And haha yes, LinkedIn was very intentional there. The value is most apparent there, I hope you find more usable surfaces also! :- D
@chad_fullerton n thank you Chad! the privacy piece matters a lot to us because Goldfish gets useful exactly where normal tools get creepy if they are not designed carefully. and haha, guilty on the LinkedIn onboarding, had to make the demo do some real work 🐠
The "knows your work" part is where these tools either actually deliver or fall apart.
Curious what that means concretely here: are you indexing local files, pulling from open apps, reading browser tabs, or something else? And how does it handle context switching across very different types of work, like if I'm mid-deep-work on a coding problem and then get a Slack message about a completely separate client project, does it actually pick the right context or does it need a nudge?

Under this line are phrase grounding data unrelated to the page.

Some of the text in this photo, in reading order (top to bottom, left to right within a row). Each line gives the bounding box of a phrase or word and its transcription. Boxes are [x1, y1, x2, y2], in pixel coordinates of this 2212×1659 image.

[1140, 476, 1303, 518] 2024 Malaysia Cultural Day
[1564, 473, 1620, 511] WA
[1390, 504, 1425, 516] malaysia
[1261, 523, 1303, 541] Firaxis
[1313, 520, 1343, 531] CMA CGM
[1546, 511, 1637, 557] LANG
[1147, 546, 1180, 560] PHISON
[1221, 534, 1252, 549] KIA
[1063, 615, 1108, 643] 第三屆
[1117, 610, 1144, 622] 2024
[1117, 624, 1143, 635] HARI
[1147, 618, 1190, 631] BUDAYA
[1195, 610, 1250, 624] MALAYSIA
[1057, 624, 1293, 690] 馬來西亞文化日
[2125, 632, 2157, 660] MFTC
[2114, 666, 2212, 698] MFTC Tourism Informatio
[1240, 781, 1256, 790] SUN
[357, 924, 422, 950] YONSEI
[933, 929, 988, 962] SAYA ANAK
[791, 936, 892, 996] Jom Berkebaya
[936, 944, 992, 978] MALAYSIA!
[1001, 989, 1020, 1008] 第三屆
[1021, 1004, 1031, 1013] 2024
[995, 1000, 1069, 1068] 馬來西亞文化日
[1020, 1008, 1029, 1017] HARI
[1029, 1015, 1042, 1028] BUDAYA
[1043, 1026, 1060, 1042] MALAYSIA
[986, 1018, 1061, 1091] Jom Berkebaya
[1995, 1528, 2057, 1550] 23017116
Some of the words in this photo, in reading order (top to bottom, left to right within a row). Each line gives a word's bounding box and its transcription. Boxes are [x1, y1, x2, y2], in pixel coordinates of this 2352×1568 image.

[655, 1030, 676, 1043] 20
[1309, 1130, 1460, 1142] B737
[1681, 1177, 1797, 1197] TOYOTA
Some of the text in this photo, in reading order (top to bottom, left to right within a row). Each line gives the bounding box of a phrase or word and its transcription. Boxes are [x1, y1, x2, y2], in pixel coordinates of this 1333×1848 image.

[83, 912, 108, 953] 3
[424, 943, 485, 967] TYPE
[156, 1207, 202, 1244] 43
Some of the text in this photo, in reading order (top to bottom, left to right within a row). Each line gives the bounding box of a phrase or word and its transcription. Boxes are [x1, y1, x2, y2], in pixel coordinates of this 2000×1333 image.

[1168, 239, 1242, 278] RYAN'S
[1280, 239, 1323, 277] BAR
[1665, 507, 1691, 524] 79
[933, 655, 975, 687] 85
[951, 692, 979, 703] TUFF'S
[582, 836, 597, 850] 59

@fberrez1 Hey Florent! Yeah so we're using the built in accessibility API:s to get the text content currently visible on the screen, and that is enough to get enough context about what you're working on. We store that on a local database and in a vector database. It tracks the sort of work you do across different surfaces and remembers what belongs to where, so that it adapts to your tone in different projects.
Feel free to try it out and let me know what you love and what you hate! It would be super useful to get some feedback! :)
@fberrez1 yes, fair question. Goldfish captures the foreground app/window context you are actually working in, then ranks recent activity, the current thread, and longer-term patterns separately depending on what you ask it to do.
So in your Slack example, the Slack thread wins because it is the focused surface. If you ask about the coding problem, the recent coding context wins. When the task is ambiguous, it should ask or stay general rather than confidently grabbing the wrong thing.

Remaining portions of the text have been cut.